The encoder uses a single VTCompressionSession, created during initialization and reused until destruction. When the GPU context becomes invalid after the Mac wakes from sleep, only one lazy rebuild is needed:

class VTVideoEncoder {
    VTCompressionSessionRef session_{nullptr};

    void encodeFrame(CMSampleBufferRef sampleBuffer) {
        OSStatus status = VTCompressionSessionEncodeFrame(
            session_, pixelBuffer, pts, kCMTimeInvalid, nullptr, nullptr, &infoFlags);

        // Rebuild only after GPU reset, covering the only exceptional path
        if (status == kVTInvalidSessionErr || status == kVTCompressionSessionHardwareError) {
            destroySession(session_);
            createSession(session_);
            status = VTCompressionSessionEncodeFrame(
                session_, pixelBuffer, pts, kCMTimeInvalid, nullptr, nullptr, &infoFlags);
        }
        if (status != noErr) {
            // Drop frame + log, do not block the capture thread
        }
    }
};

In screen casting scenarios, encoding parameters are fixed (the virtual display resolution does not change after creation), so the chance of needing to rebuild the Session is extremely low. The “zero-switch” advantage of dual Sessions has no triggering scenario; a single Session with lazy rebuild is cleaner.

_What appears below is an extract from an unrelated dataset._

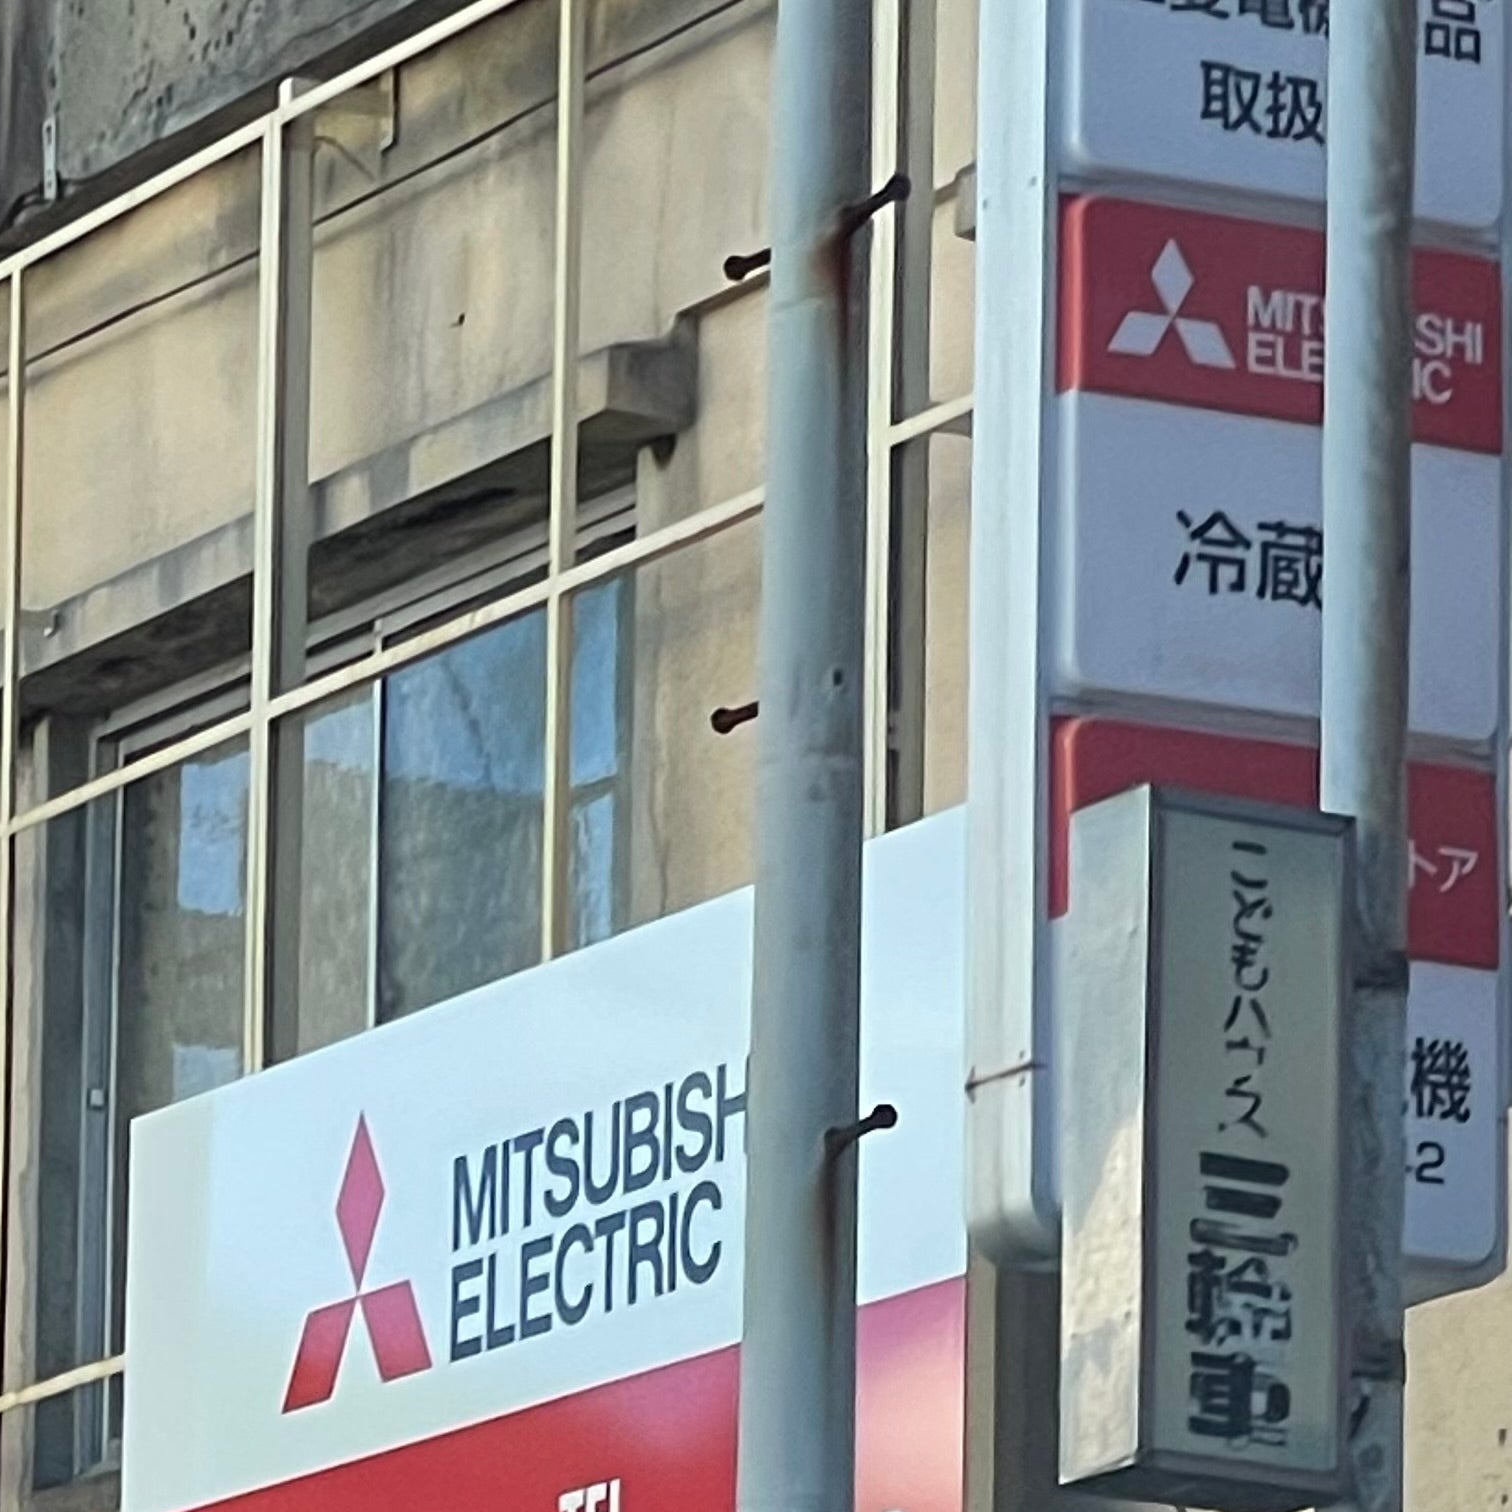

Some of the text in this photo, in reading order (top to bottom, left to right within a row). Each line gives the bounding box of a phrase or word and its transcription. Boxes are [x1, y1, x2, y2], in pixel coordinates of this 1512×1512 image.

void configureEncoderProperties(VTCompressionSessionRef session) {
    // 1. RealTime mode — prioritize encoding speed
    VTSessionSetProperty(session, kVTCompressionPropertyKey_RealTime, kCFBooleanTrue);

    // 2. Disable B-frame reordering — eliminate encoder internal buffering delay
    VTSessionSetProperty(session, kVTCompressionPropertyKey_AllowFrameReordering, kCFBooleanFalse);

    // 3. Limit encoder delay — keep at most 1 reference frame
    int32_t maxFrameDelay = 1;
    VTSessionSetProperty(session, kVTCompressionPropertyKey_MaxFrameDelayCount,
        CFNumberCreate(nullptr, kCFNumberSInt32Type, &maxFrameDelay));

    // 4. Keyframe interval — screen casting is mostly static, long GOP reduces keyframe overhead
    int32_t gopSize = 15000;
    VTSessionSetProperty(session, kVTCompressionPropertyKey_MaxKeyFrameInterval,
        CFNumberCreate(nullptr, kCFNumberSInt32Type, &gopSize));
    VTSessionSetProperty(session, kVTCompressionPropertyKey_MaxKeyFrameIntervalDuration,
        CFNumberCreate(nullptr, kCFNumberFloatType, (float[]){300.0f}));

    // 5. Encoding quality — 0.7, a trade-off between quality and encoding speed
    float quality = 0.7;
    VTSessionSetProperty(session, kVTCompressionPropertyKey_Quality,
        CFNumberCreate(nullptr, kCFNumberFloat32Type, &quality));
}

VBR (Variable Bitrate) is used, with base bitrate calculated dynamically based on resolution:

// Table-driven — different resolutions use different bit/pixel coefficients
struct BitrateConfig {
    int maxPixels;
    double hevcFactor;  // H.265 has higher compression ratio, smaller coefficient
    double h264Factor;
};

const BitrateConfig configs[] = {
    {  640*480,  2.5, 4.0 },   // 480p
    { 1280*720,  2.2, 3.5 },   // 720p
    {1920*1080,  2.0, 3.0 },   // 1080p
    {3200*2136,  1.8, 2.8 },   // 3K
    {3840*2160,  1.8, 2.5 },   // 4K
    { INT_MAX,   1.5, 2.0 }    // >4K
};

// Base bitrate = pixelCount × factor
int64_t baseBitrate = static_cast<int64_t>(pixelCount * factor);

// Dynamic range: 40% ~ 150% of base bitrate
int64_t minBitrate = baseBitrate * 0.4;
int64_t maxBitrate = baseBitrate * 1.5;

CFArrayRef range = CFArrayCreate(...);
VTSessionSetProperty(session, kVTCompressionPropertyKey_DataRateLimits, range);

For 1080p H.265: 1920 × 1080 × 2.0 = 4,147,200 bps ≈ 4 Mbps, dynamic range 1.6 ~ 6.2 Mbps.

Why VBR instead of CBR:

Aspect	VBR	CBR
Static scenes	Bitrate decreases, saves bandwidth	Pads with invalid data, wastes bandwidth
Dynamic scenes	Bitrate peaks, quality first	Quality degrades noticeably
Casting suitability	✅ Best match (desktop is mostly static)	Not recommended
Large GOP size	Bitrate fluctuates but stays within limits	Stable but wastes resources

Screen casting content is dominated by static scenes (documents, desktop). VBR’s bandwidth utilization far exceeds CBR. The upper and lower limits of DataRateLimits ensure the bitrate does not go out of control.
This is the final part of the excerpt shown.